Supplied material:
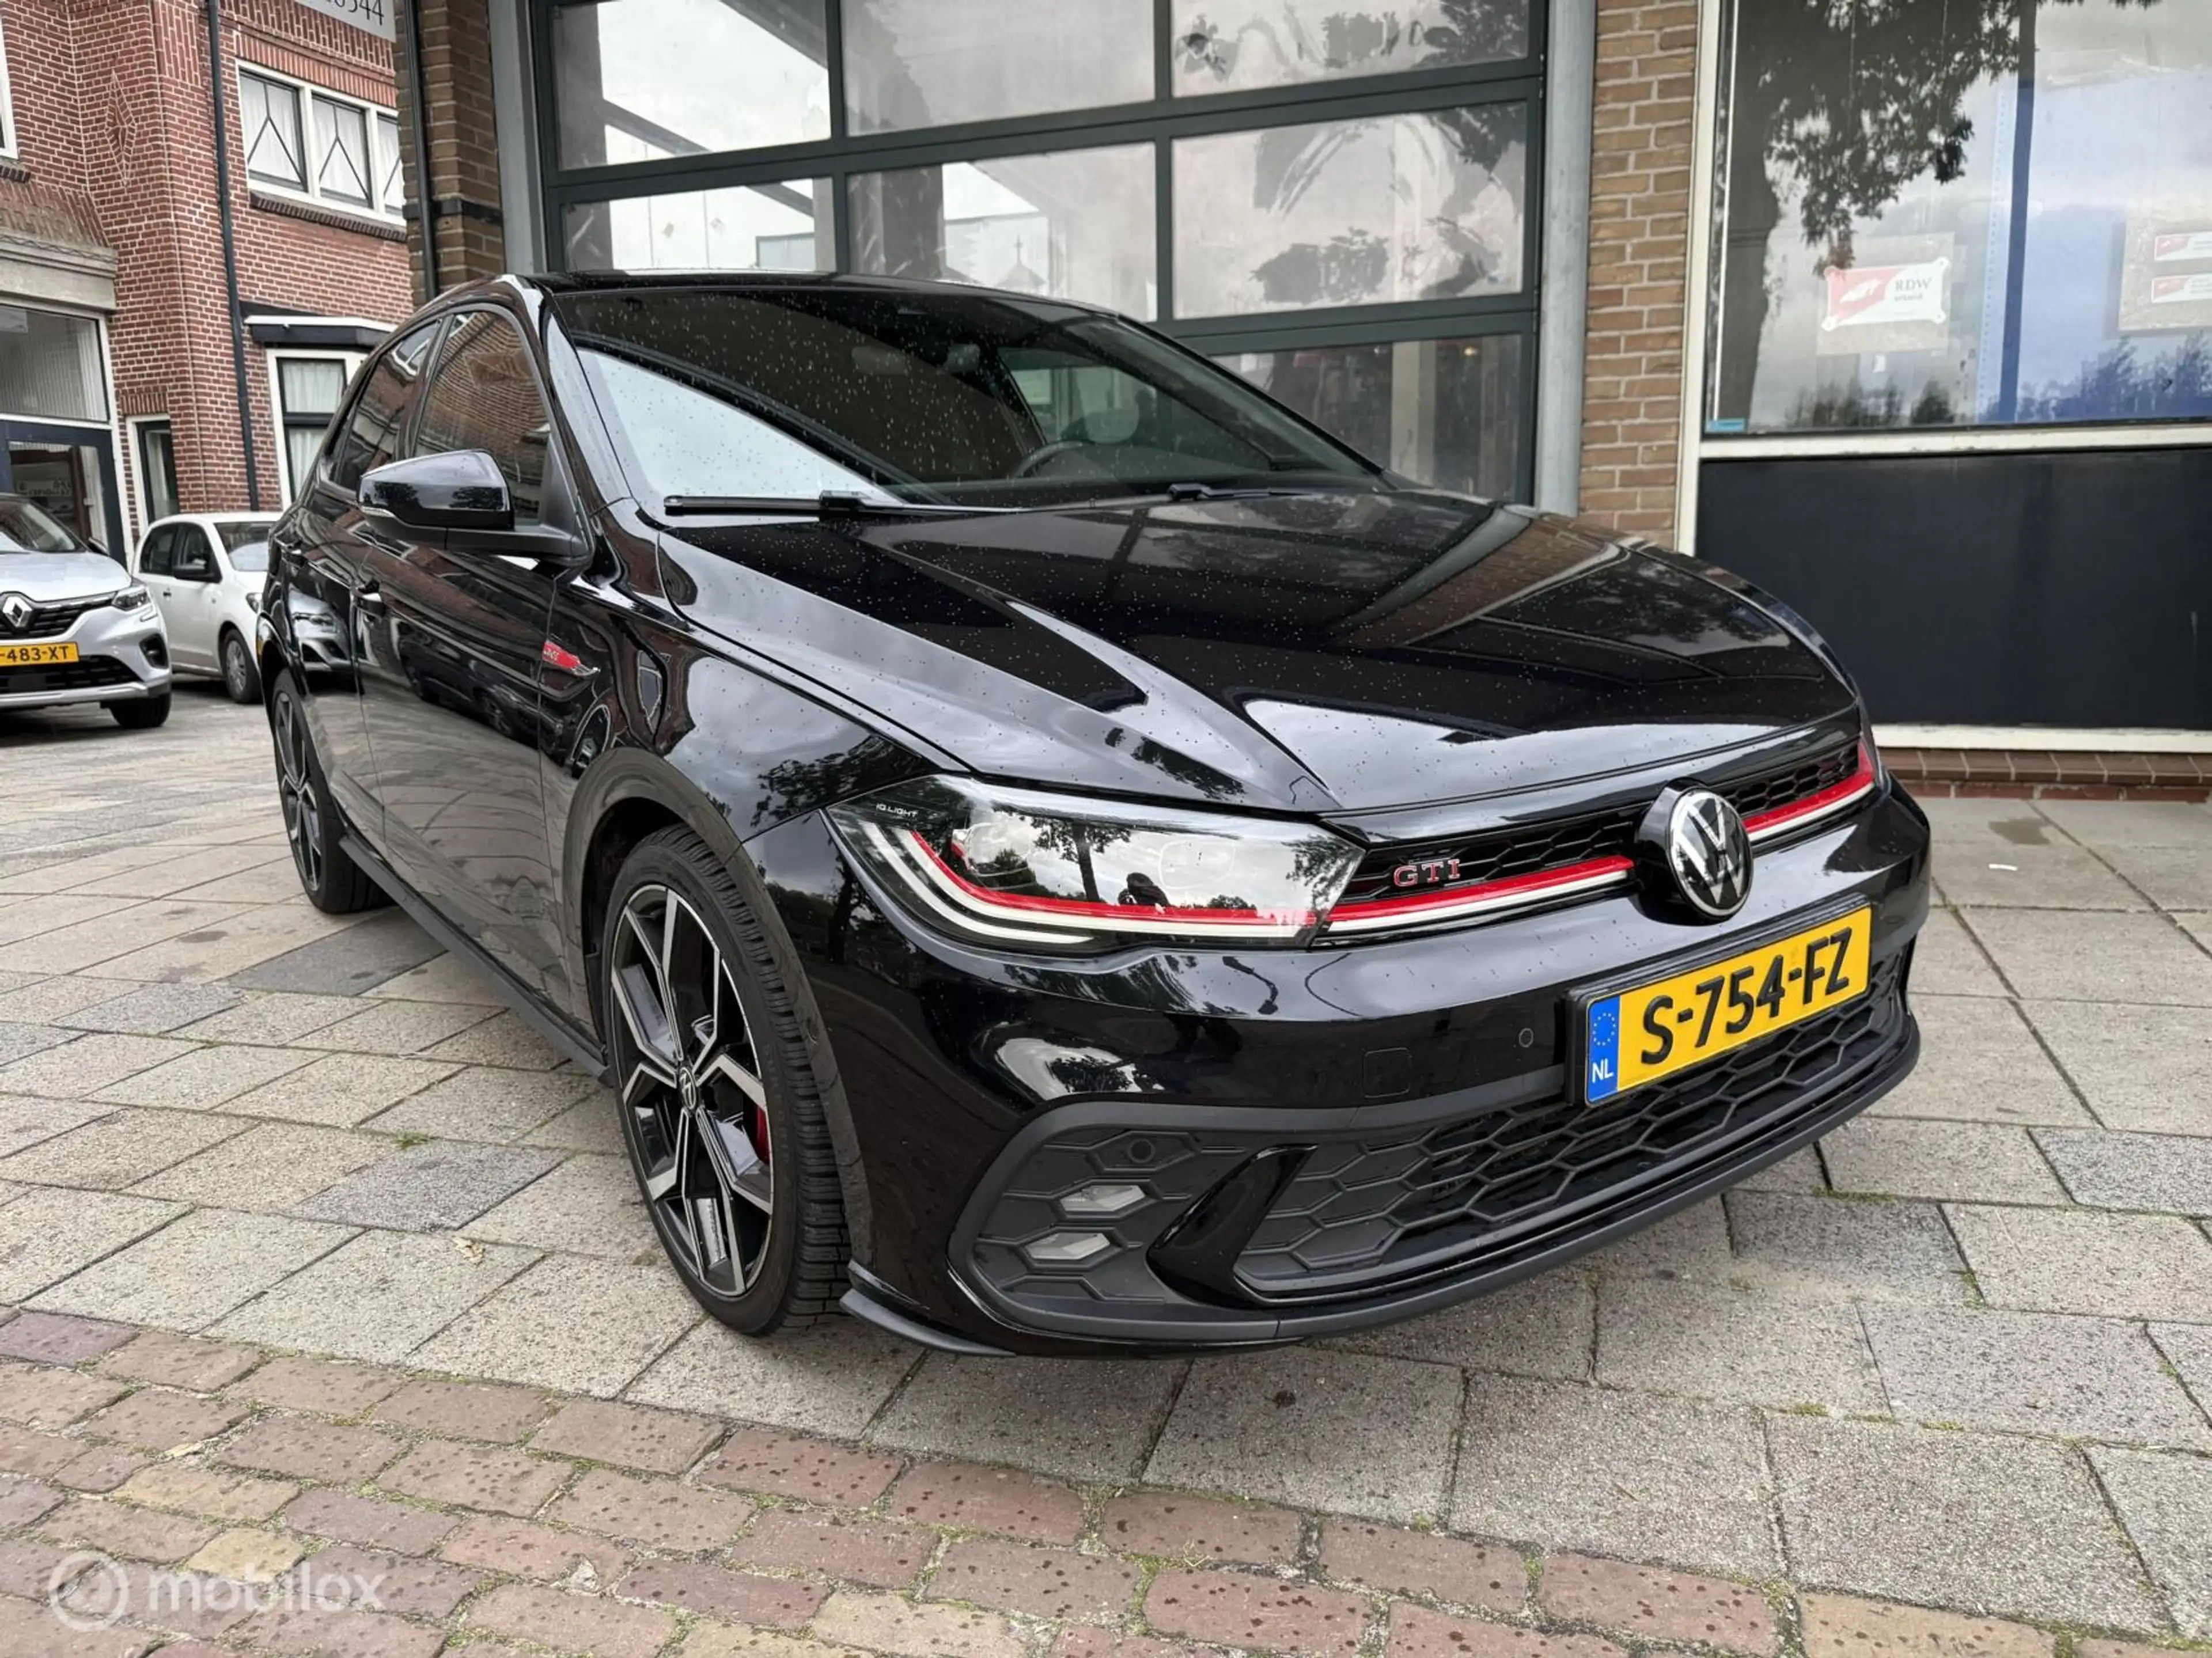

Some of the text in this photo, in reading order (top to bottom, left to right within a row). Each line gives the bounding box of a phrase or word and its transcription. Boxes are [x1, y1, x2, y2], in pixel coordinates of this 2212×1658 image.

[1393, 859, 1460, 886] GTI
[1641, 926, 1853, 1065] S-754-FZ
[1592, 1058, 1613, 1084] NL
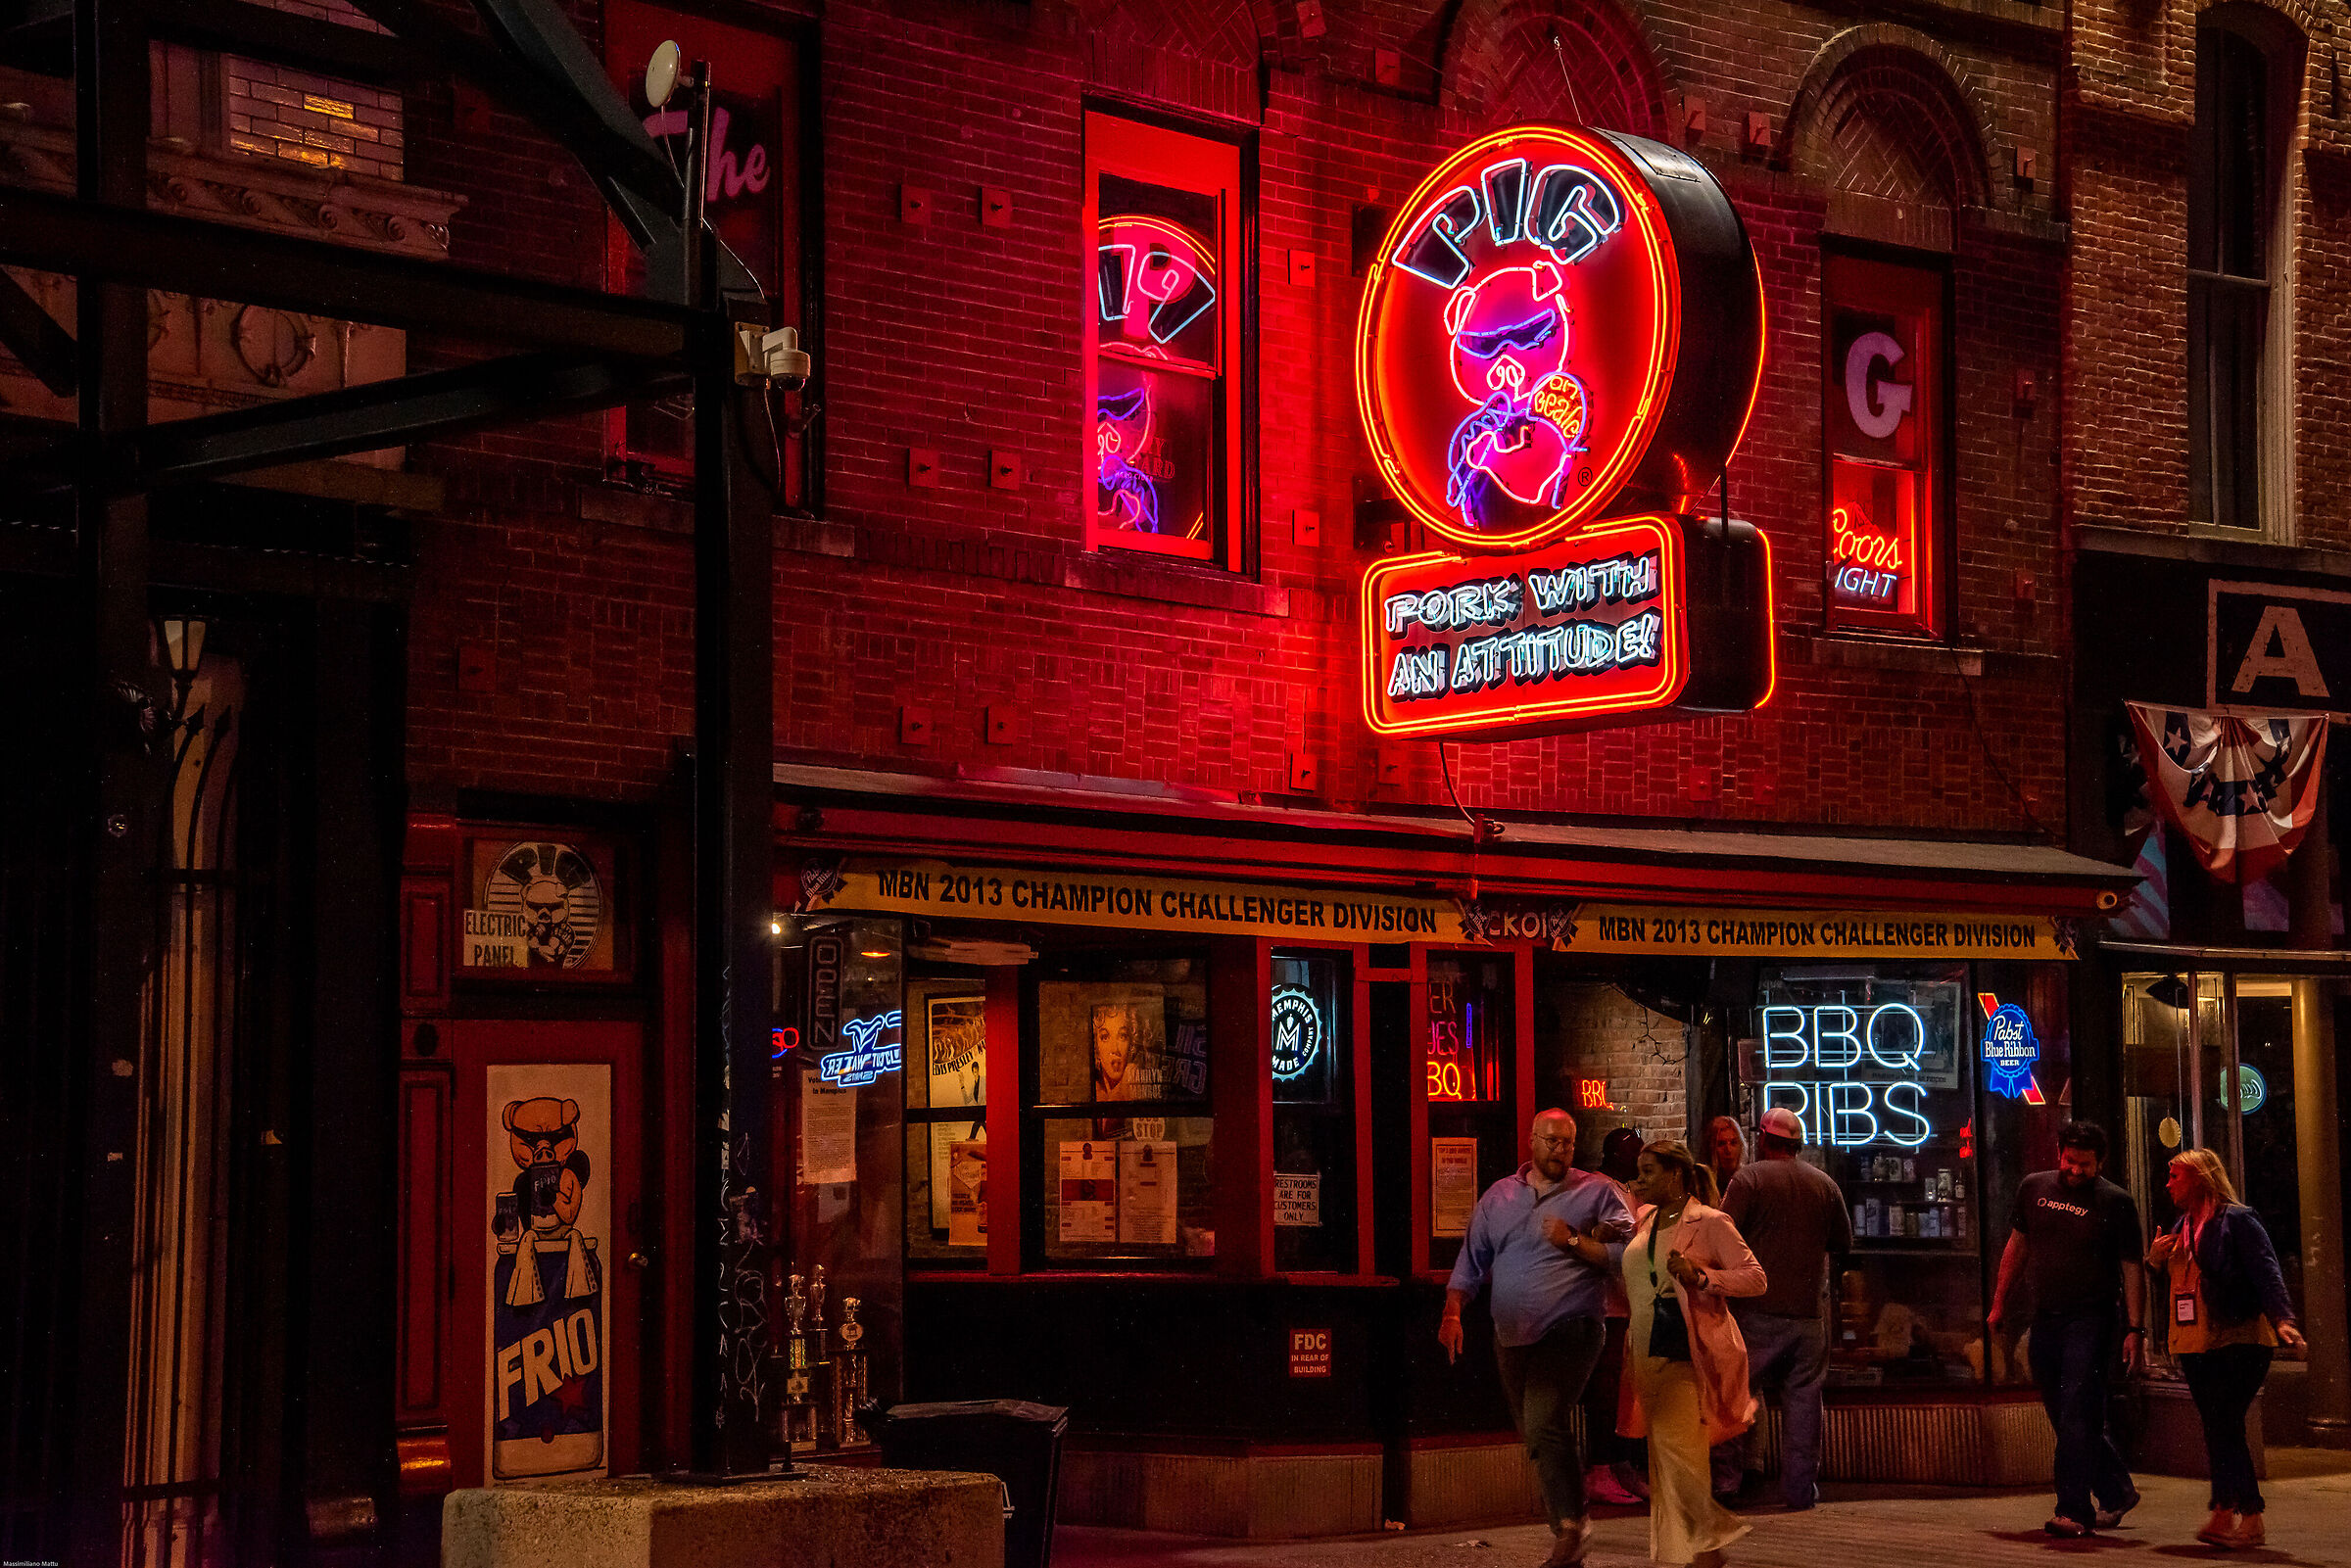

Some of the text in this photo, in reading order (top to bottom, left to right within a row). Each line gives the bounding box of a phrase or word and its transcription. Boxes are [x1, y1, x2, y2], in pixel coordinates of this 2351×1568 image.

[1391, 157, 1626, 290] PIG
[1846, 331, 1912, 439] G
[1384, 555, 1653, 634] PORK WITH
[1387, 613, 1655, 697] AN ATTITUDE!
[2231, 605, 2330, 698] A
[876, 869, 931, 901] MBN
[939, 875, 1003, 906] 2013
[1012, 879, 1152, 917] CHAMPION
[1161, 890, 1325, 927] CHALLENGER
[1333, 902, 1437, 933] DIVISION
[464, 913, 527, 937] ELECTRIC
[1599, 916, 1646, 942] MBN
[1653, 919, 1701, 943] 2013
[1706, 920, 1816, 946] CHAMPION
[1820, 921, 1948, 947] CHALLENGER
[1954, 924, 2036, 948] DIVISION
[1272, 999, 1314, 1024] MEMPHIS
[1763, 1003, 1926, 1071] BBQ
[1992, 1015, 2025, 1041] Pabst
[1302, 1026, 1314, 1057] COMPANY
[1985, 1041, 2036, 1058] Blue Ribbon
[947, 1050, 974, 1073] PRESLEY
[1272, 1055, 1300, 1071] MADE
[1763, 1081, 1931, 1146] RIBS
[1135, 1121, 1164, 1138] STOP
[1274, 1178, 1318, 1189] RESTROOMS
[1278, 1190, 1312, 1200] ARE FOR
[1273, 1201, 1317, 1211] CUSTOMERS
[1283, 1212, 1304, 1221] ONLY
[2047, 1200, 2089, 1217] apptegy
[1294, 1333, 1326, 1351] FDC
[498, 1307, 599, 1421] FRIO
[1291, 1354, 1299, 1362] IN
[1300, 1354, 1319, 1362] REAR

What you should do: Exact repetition of all the records is required, with the pictures excluded.

Worked solution:
Some of the text in this photo, in reading order (top to bottom, left to right within a row). Each line gives the bounding box of a phrase or word and its transcription. Boxes are [x1, y1, x2, y2], in pixel coordinates of this 2212×1658 image.

[1393, 859, 1460, 886] GTI
[1641, 926, 1853, 1065] S-754-FZ
[1592, 1058, 1613, 1084] NL

Some of the text in this photo, in reading order (top to bottom, left to right within a row). Each line gives the bounding box of a phrase or word and its transcription. Boxes are [x1, y1, x2, y2], in pixel coordinates of this 2351×1568 image.

[1391, 157, 1626, 290] PIG
[1846, 331, 1912, 439] G
[1384, 555, 1653, 634] PORK WITH
[1387, 613, 1655, 697] AN ATTITUDE!
[2231, 605, 2330, 698] A
[876, 869, 931, 901] MBN
[939, 875, 1003, 906] 2013
[1012, 879, 1152, 917] CHAMPION
[1161, 890, 1325, 927] CHALLENGER
[1333, 902, 1437, 933] DIVISION
[464, 913, 527, 937] ELECTRIC
[1599, 916, 1646, 942] MBN
[1653, 919, 1701, 943] 2013
[1706, 920, 1816, 946] CHAMPION
[1820, 921, 1948, 947] CHALLENGER
[1954, 924, 2036, 948] DIVISION
[1272, 999, 1314, 1024] MEMPHIS
[1763, 1003, 1926, 1071] BBQ
[1992, 1015, 2025, 1041] Pabst
[1302, 1026, 1314, 1057] COMPANY
[1985, 1041, 2036, 1058] Blue Ribbon
[947, 1050, 974, 1073] PRESLEY
[1272, 1055, 1300, 1071] MADE
[1763, 1081, 1931, 1146] RIBS
[1135, 1121, 1164, 1138] STOP
[1274, 1178, 1318, 1189] RESTROOMS
[1278, 1190, 1312, 1200] ARE FOR
[1273, 1201, 1317, 1211] CUSTOMERS
[1283, 1212, 1304, 1221] ONLY
[2047, 1200, 2089, 1217] apptegy
[1294, 1333, 1326, 1351] FDC
[498, 1307, 599, 1421] FRIO
[1291, 1354, 1299, 1362] IN
[1300, 1354, 1319, 1362] REAR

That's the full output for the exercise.